┏━━

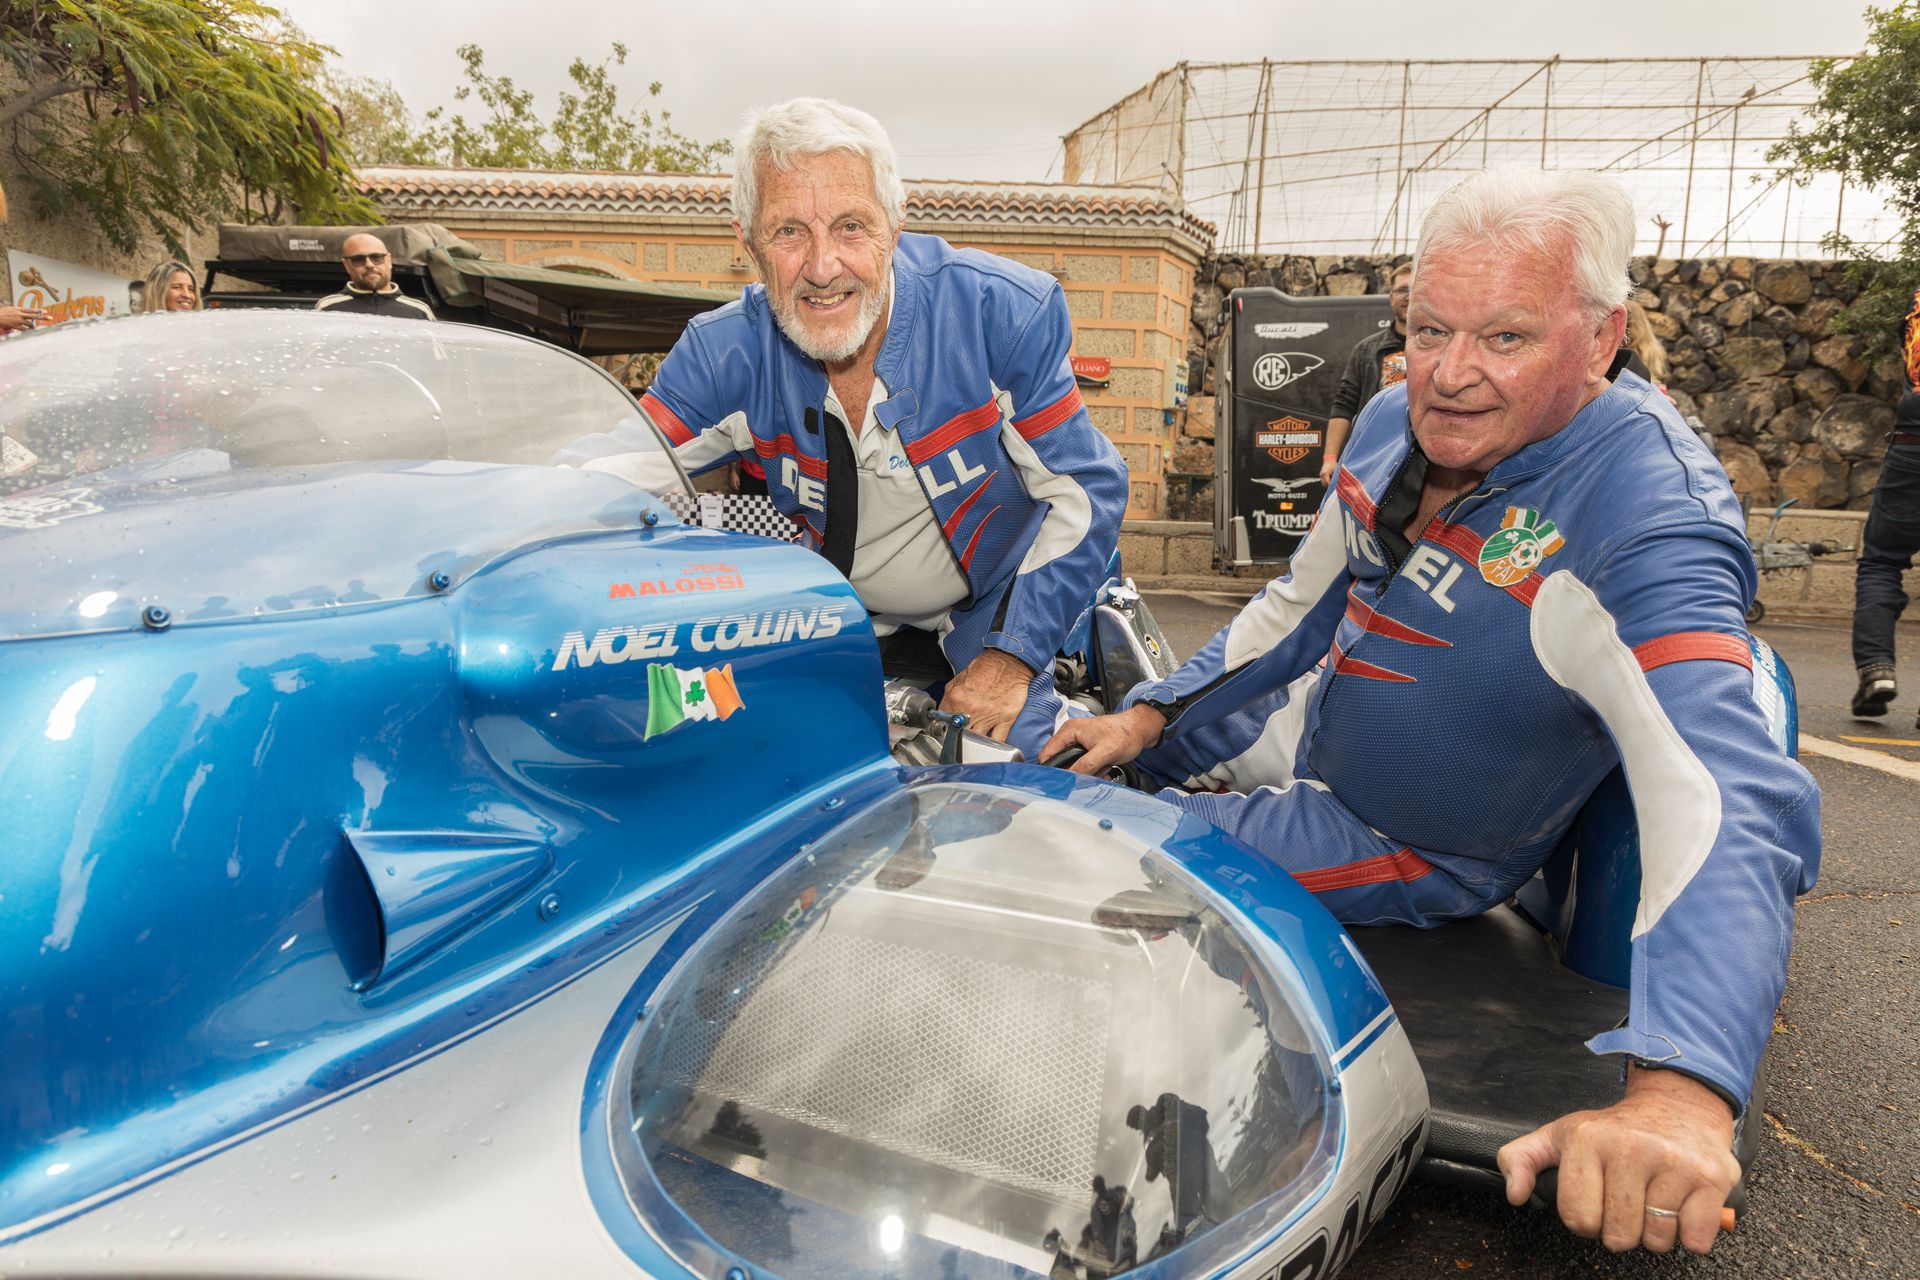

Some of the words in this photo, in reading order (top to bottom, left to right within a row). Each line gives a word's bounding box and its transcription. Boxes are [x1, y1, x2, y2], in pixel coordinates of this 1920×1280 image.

[1260, 325, 1298, 333] Ducati
[1273, 421, 1305, 430] MOTOR
[1258, 433, 1319, 446] HARLEY-DAVIDSON
[1272, 447, 1304, 460] CYCLES
[1252, 509, 1316, 529] TRIUMP
[1490, 559, 1516, 584] FAI
[608, 574, 745, 600] MALOSSI
[552, 621, 680, 671] NOEL
[690, 603, 848, 652] COLLINS

┗━━

With the pictures set aside, write out the whole listing exactly.

→ **Exercise response**
Some of the words in this photo, in reading order (top to bottom, left to right within a row). Each line gives a word's bounding box and its transcription. Boxes are [x1, y1, x2, y2], in pixel coordinates of this 1920×1280 image.

[1260, 325, 1298, 333] Ducati
[1273, 421, 1305, 430] MOTOR
[1258, 433, 1319, 446] HARLEY-DAVIDSON
[1272, 447, 1304, 460] CYCLES
[1252, 509, 1316, 529] TRIUMP
[1490, 559, 1516, 584] FAI
[608, 574, 745, 600] MALOSSI
[552, 621, 680, 671] NOEL
[690, 603, 848, 652] COLLINS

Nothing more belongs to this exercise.